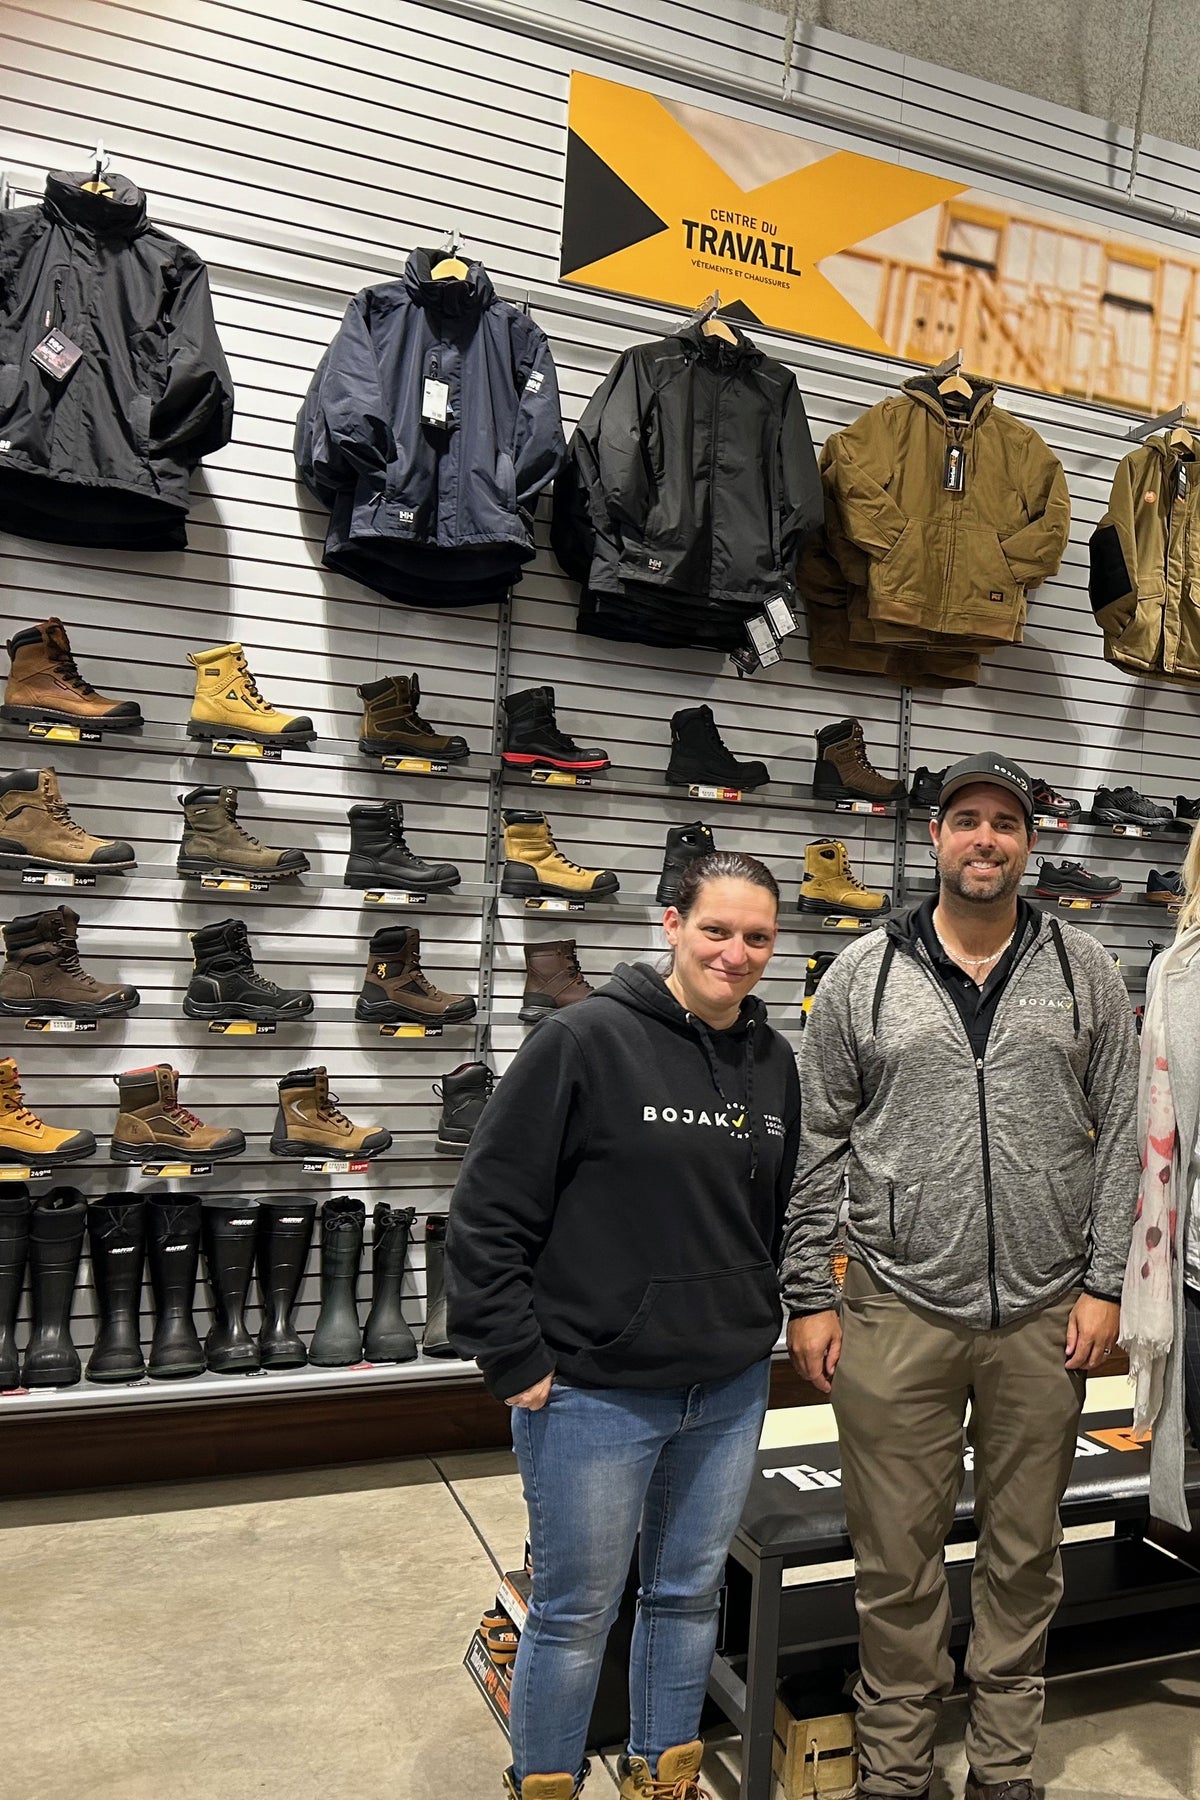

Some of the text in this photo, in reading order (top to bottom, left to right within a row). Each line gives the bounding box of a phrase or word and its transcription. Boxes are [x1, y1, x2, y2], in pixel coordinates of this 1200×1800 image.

[710, 208, 778, 236] CENTRE DU
[681, 218, 801, 277] TRAVAIL
[691, 258, 733, 275] VÊTEMENTS
[744, 272, 791, 289] CHAUSSURES
[1019, 998, 1064, 1008] BOJAK
[643, 1106, 730, 1127] BOJAK
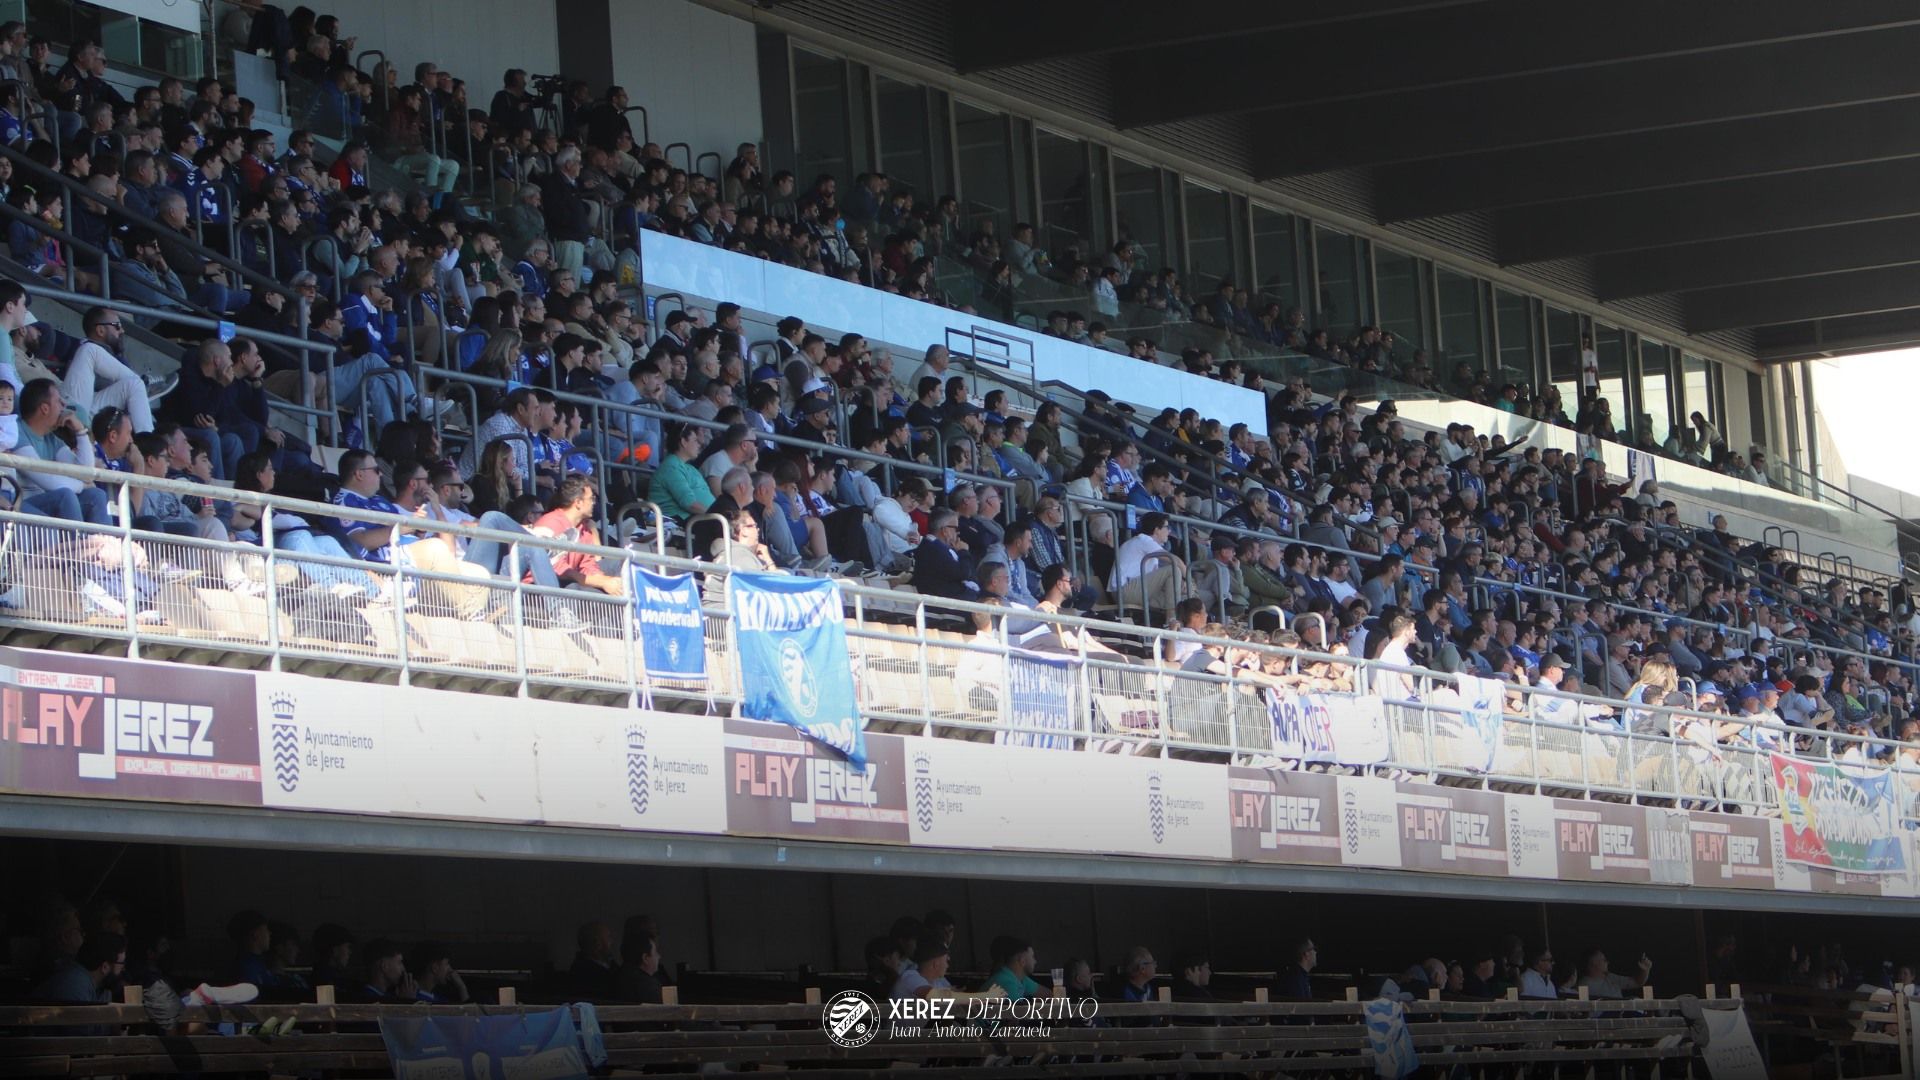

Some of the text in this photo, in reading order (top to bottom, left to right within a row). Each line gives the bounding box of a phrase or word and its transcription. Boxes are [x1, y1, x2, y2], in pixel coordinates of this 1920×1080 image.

[304, 726, 374, 751] Ayuntamiento
[306, 750, 346, 771] de Jerez
[652, 756, 709, 776] Ayuntamiento
[654, 778, 686, 795] de Jerez
[735, 752, 800, 798] PLAY
[936, 779, 982, 797] Ayuntamiento
[1260, 781, 1321, 848] JEREZ
[1404, 807, 1447, 841] PLAY
[1441, 799, 1490, 861] JEREZ
[1561, 822, 1595, 853] PLAY
[1590, 813, 1635, 870] JEREZ
[1695, 832, 1726, 862] PLAY
········
▶ **Task prompt**:
Please set the data above down exactly, with the pictures removed.

▶ **Finished task**:
Some of the text in this photo, in reading order (top to bottom, left to right within a row). Each line gives the bounding box of a phrase or word and its transcription. Boxes are [x1, y1, x2, y2], in pixel coordinates of this 1200×1800 image.

[710, 208, 778, 236] CENTRE DU
[681, 218, 801, 277] TRAVAIL
[691, 258, 733, 275] VÊTEMENTS
[744, 272, 791, 289] CHAUSSURES
[1019, 998, 1064, 1008] BOJAK
[643, 1106, 730, 1127] BOJAK

Some of the text in this photo, in reading order (top to bottom, left to right within a row). Each line gives the bounding box of a phrase or word and its transcription. Boxes are [x1, y1, x2, y2], in pixel coordinates of this 1920×1080 image.

[304, 726, 374, 751] Ayuntamiento
[306, 750, 346, 771] de Jerez
[652, 756, 709, 776] Ayuntamiento
[654, 778, 686, 795] de Jerez
[735, 752, 800, 798] PLAY
[936, 779, 982, 797] Ayuntamiento
[1260, 781, 1321, 848] JEREZ
[1404, 807, 1447, 841] PLAY
[1441, 799, 1490, 861] JEREZ
[1561, 822, 1595, 853] PLAY
[1590, 813, 1635, 870] JEREZ
[1695, 832, 1726, 862] PLAY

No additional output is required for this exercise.